Restoration of tumor suppressor protein with enhanced activity using super-tRNAs to induce tumor regression

Cancer develops through a gradual accumulation of mutations including nonsense mutations in tumor suppressor genes (TSGs), which drive tumor proliferation and progression due to the impairment or complete loss of tumor suppressor protein function. The ability to restore functional tumor suppressor protein from mutant driver TSGs is a longstanding aspiration in cancer therapy, however, current strategies face formidable challenges in recovering proteins harboring heterogeneous mutations and circumventing dominant-negative effects exerted by endogenous mutant proteins. Therefore, the development of therapeutic interventions that are effective and generalizable across diverse nonsense mutations in cancer, to rescue endogenous mutant tumor suppressor proteins remains an urgent yet unmet need. Here we find that engineered suppressor transfer RNA (sup-tRNA) could overcome nonsense mutations in key driver tumor suppressor genes, such as TP53 , thereby avoiding the dominant-negative effects through the restoration of endogenous mutant p53 with its original functions.
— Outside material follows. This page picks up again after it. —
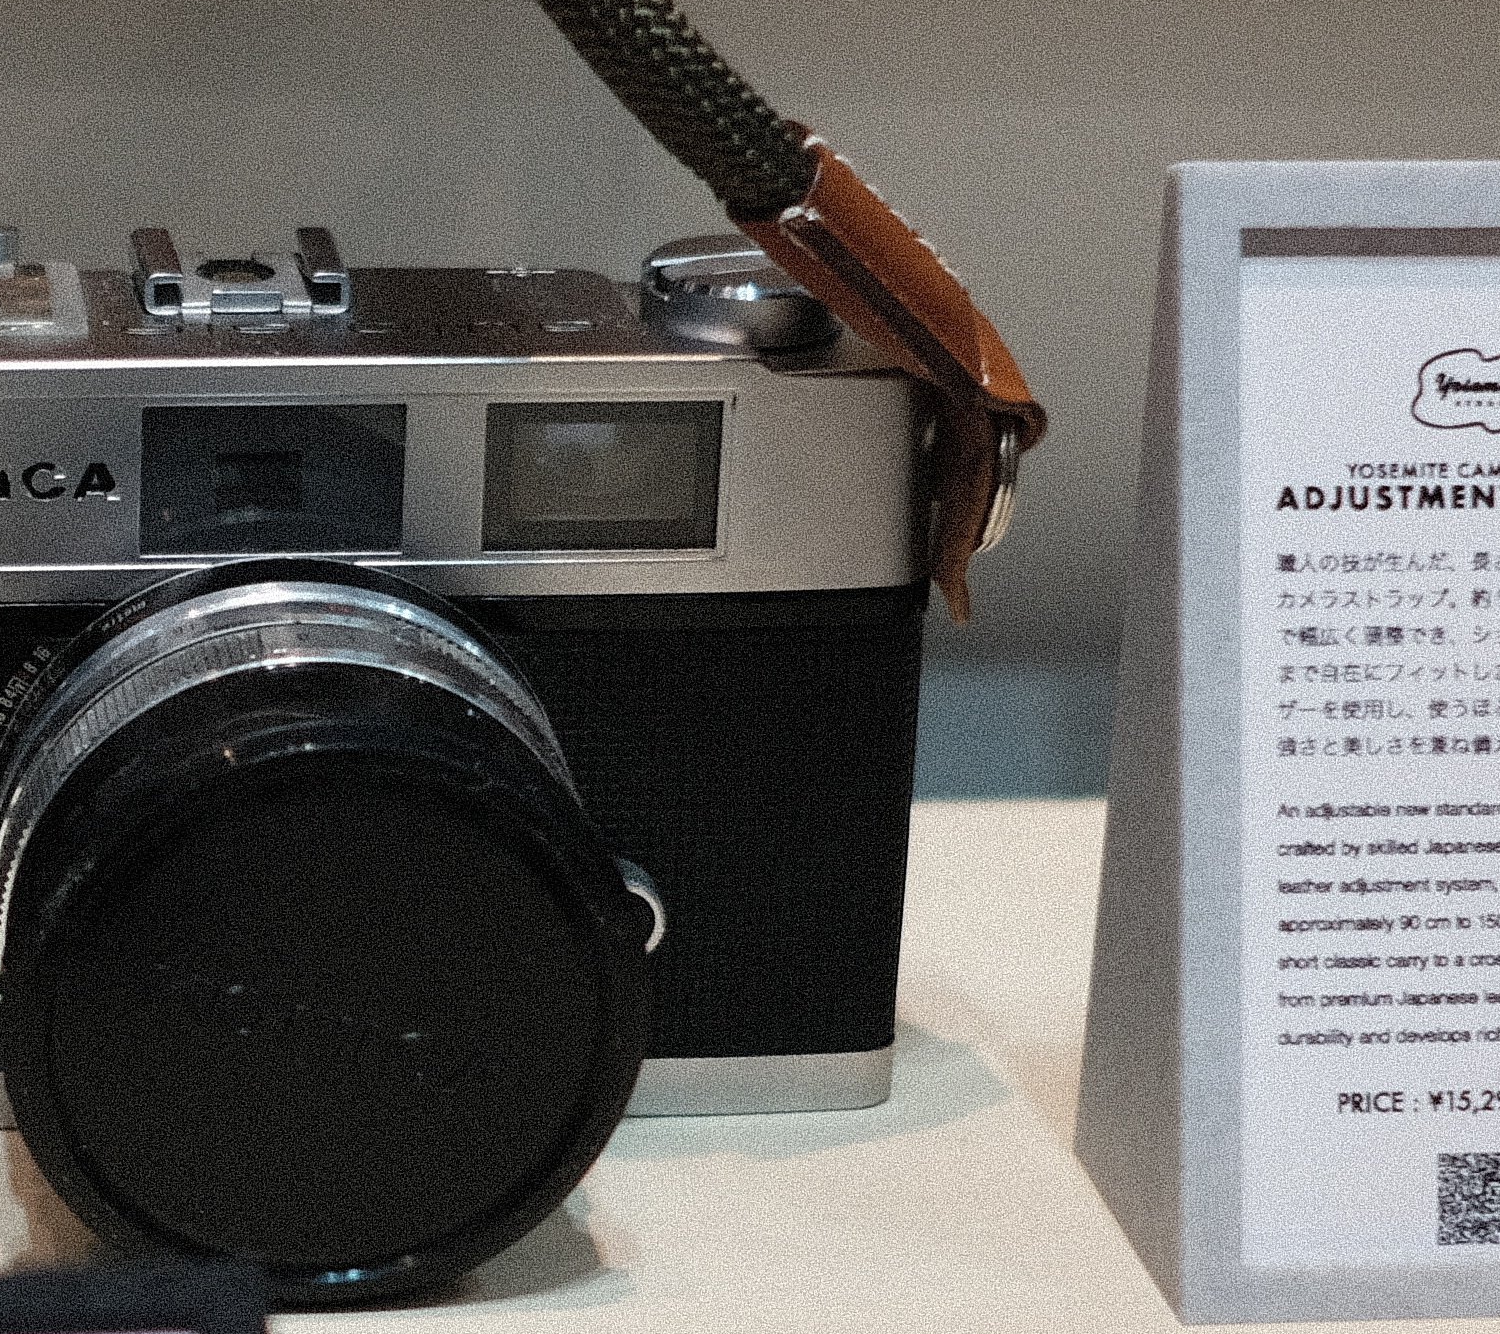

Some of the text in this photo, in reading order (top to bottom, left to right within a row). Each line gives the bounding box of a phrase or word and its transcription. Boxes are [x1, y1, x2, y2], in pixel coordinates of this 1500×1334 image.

Optimized sup-tRNA that we named super tRNA, enabling high-fidelity incorporation of desired amino acids, can further enhanced the transcriptional activity of p53 to suppress tumor cell proliferation. Moreover, we also establish a computational model to guide super tRNAs design, and demonstrate that super tRNA could effectively inhibit tumor growth by targeted readthrough of nonsense mutations in different tumor suppressor genes. In two xenograft models harboring nonsense mutant TP53 , we observed up to a 70% reduction in tumor volume after lipid nanoparticle (LNP)-based sup-tRNA treatment, along with robust recovery of p53 expression and function, and no hematological or histological abnormalities detected. Our findings demonstrate the potential of sup-tRNA as a feasible and effective strategy to rescue and enhance tumor suppressor protein function, thereby preventing cancer development. As a novel therapeutic RNA, sup-tRNA provides a flexible strategy for targeting driver mutations in cancer, thereby expanding the potential of tRNA-based therapy in precision oncology.